Cuando llegó a Bogotá se encontró que quien era su esposa y madre de sus dos hijos tenía otra pareja. Siguió la marcha a pie hasta Cali, donde estaba su hermano. No paró porque había cosecha en una finca cafetera en Bitaco, municipio de La Cumbre, a poco más de una hora de la capital del Valle. “Me fue bien porque llegué a ser mayordomo, pero la cosecha pasó”.

Fue a dar hasta Santander de Quilichao, en el norte del Cauca, en límites con el Valle. Trabajó en una ferretería, donde siempre lo trataron bien, solo que no se entendió con las convicciones religiosas de los dueños y salió de allí. Llegó a otro negocio similar en el mismo municipio y también estuvo tranquilo, pero esta vez se quedó sin empleo cuando llegó el fantasma del coronavirus.
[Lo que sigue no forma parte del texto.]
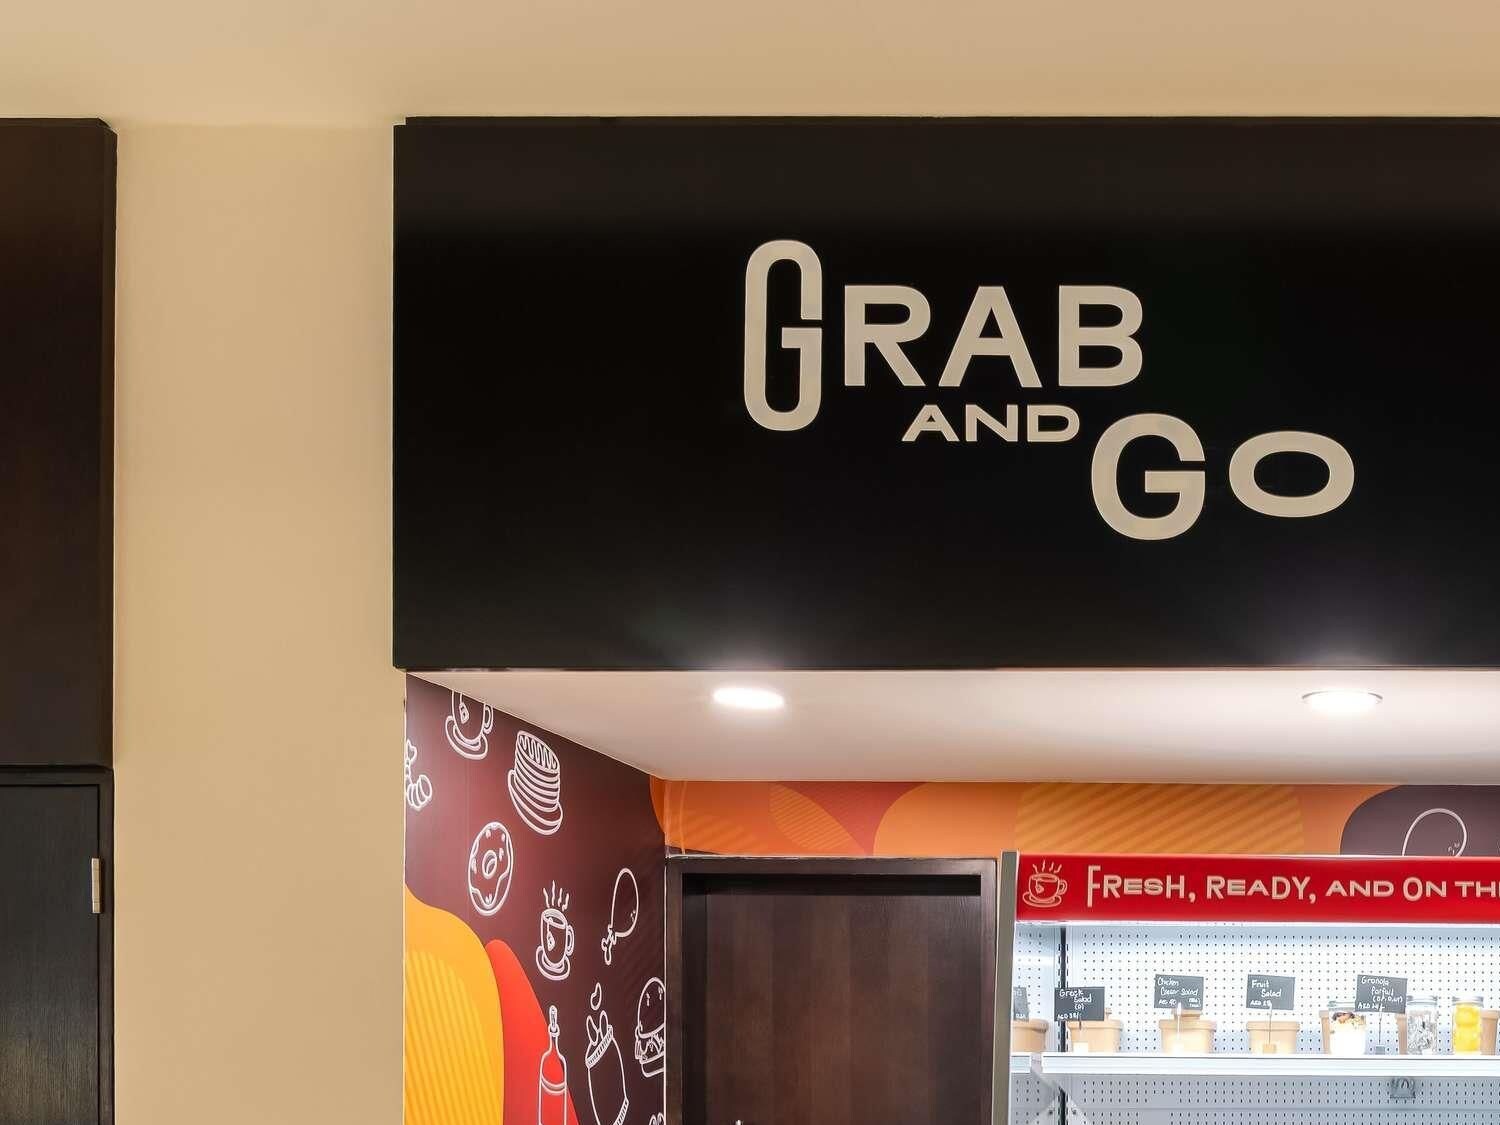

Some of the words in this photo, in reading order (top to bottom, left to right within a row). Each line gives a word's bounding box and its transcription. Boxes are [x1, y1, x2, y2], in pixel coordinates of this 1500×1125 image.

[743, 239, 1144, 431] GRAB
[901, 403, 1080, 443] AND
[1091, 412, 1355, 541] GO
[1086, 864, 1197, 908] FRESH,
[1206, 874, 1317, 905] READY,
[1324, 879, 1395, 898] AND
[1402, 876, 1447, 902] ON
[1251, 979, 1270, 989] Fruit
[1261, 988, 1282, 998] Salad
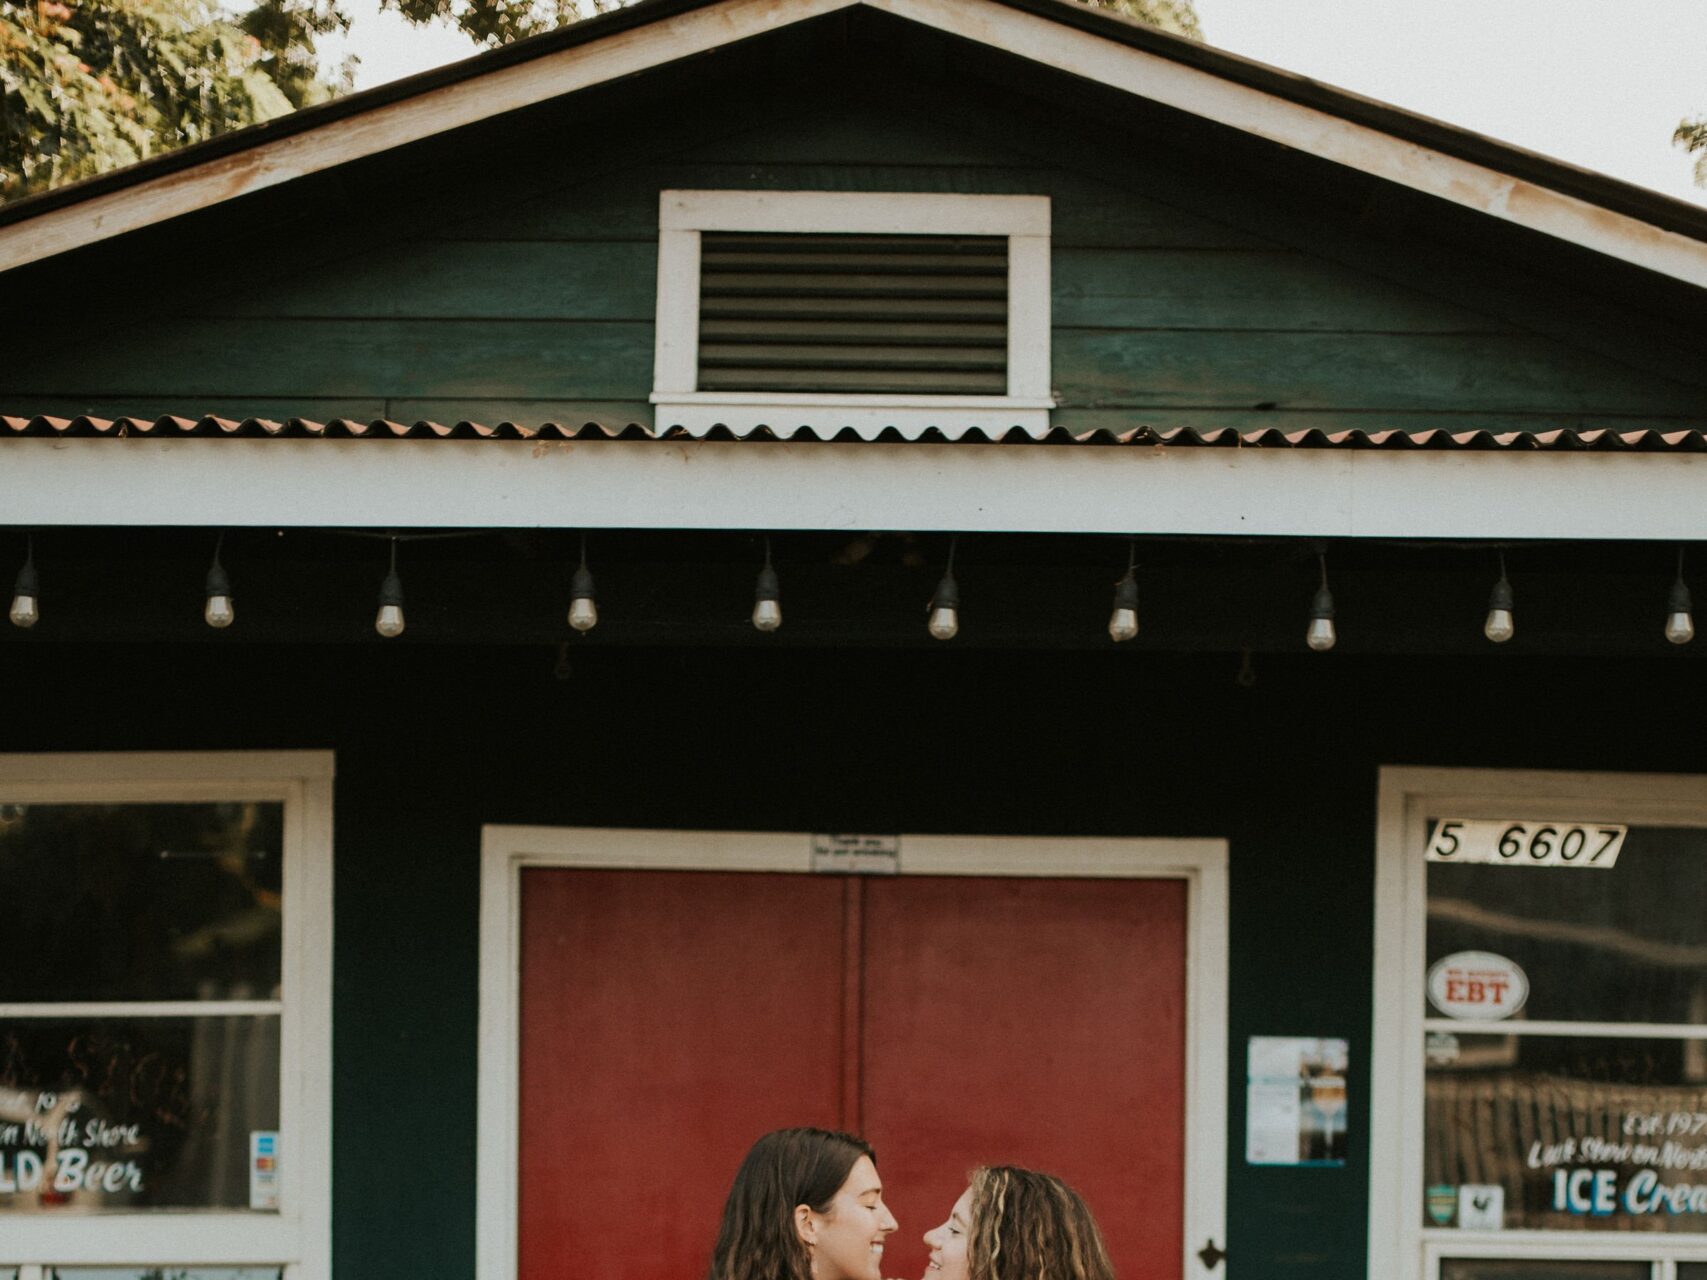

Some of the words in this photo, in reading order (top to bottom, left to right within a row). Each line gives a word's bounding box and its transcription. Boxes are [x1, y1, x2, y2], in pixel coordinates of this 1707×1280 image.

[1435, 823, 1464, 856] 5
[1498, 826, 1621, 862] 6607
[1446, 980, 1509, 1005] EBT
[53, 1148, 145, 1193] Beer
[1552, 1168, 1617, 1216] ICE
La pandemia ha sido dura para un hombre que muestra en su hoja de vida haber sido operario de carga pesada, encargado de mantenimiento de vehículos y almacenista en una compañía de alimentos y otra de manufacturas.

Con Winston, un amigo y comunicador en Venezuela, abrieron una cadena de WhatsApp para migrantes con la idea de pedir un corredor humanitario.

“El dueño de una finca vio que yo estaba pidiendo ayuda y me llamó para la siembra de 600 colinos de plátano y más de mil de café. Viajé con Yuraima, una educadora a la que había conocido por redes sociales y que estaba sin empleo. Nos garantizaban alojamiento y alimentación, pero no tenían pago. Yo soy camellador, pero era mucho trabajo para mí y mi pareja, que es educadora. Estuvimos casi un mes y no dimos más”.

Desde entonces permanecen en condiciones de calle en el parque Panamericano de Cali. En ese sitio se llegaron a reunir cerca de 200 migrantes, y más de 80 se han ido porque llegaron las lluvias.

“Es mi primera vez en la calle, si tuviera un empleo me quedaría por acá porque sé hasta programación de ‘software’. Todos los días son una incertidumbre y uno no sabe qué camino coger”.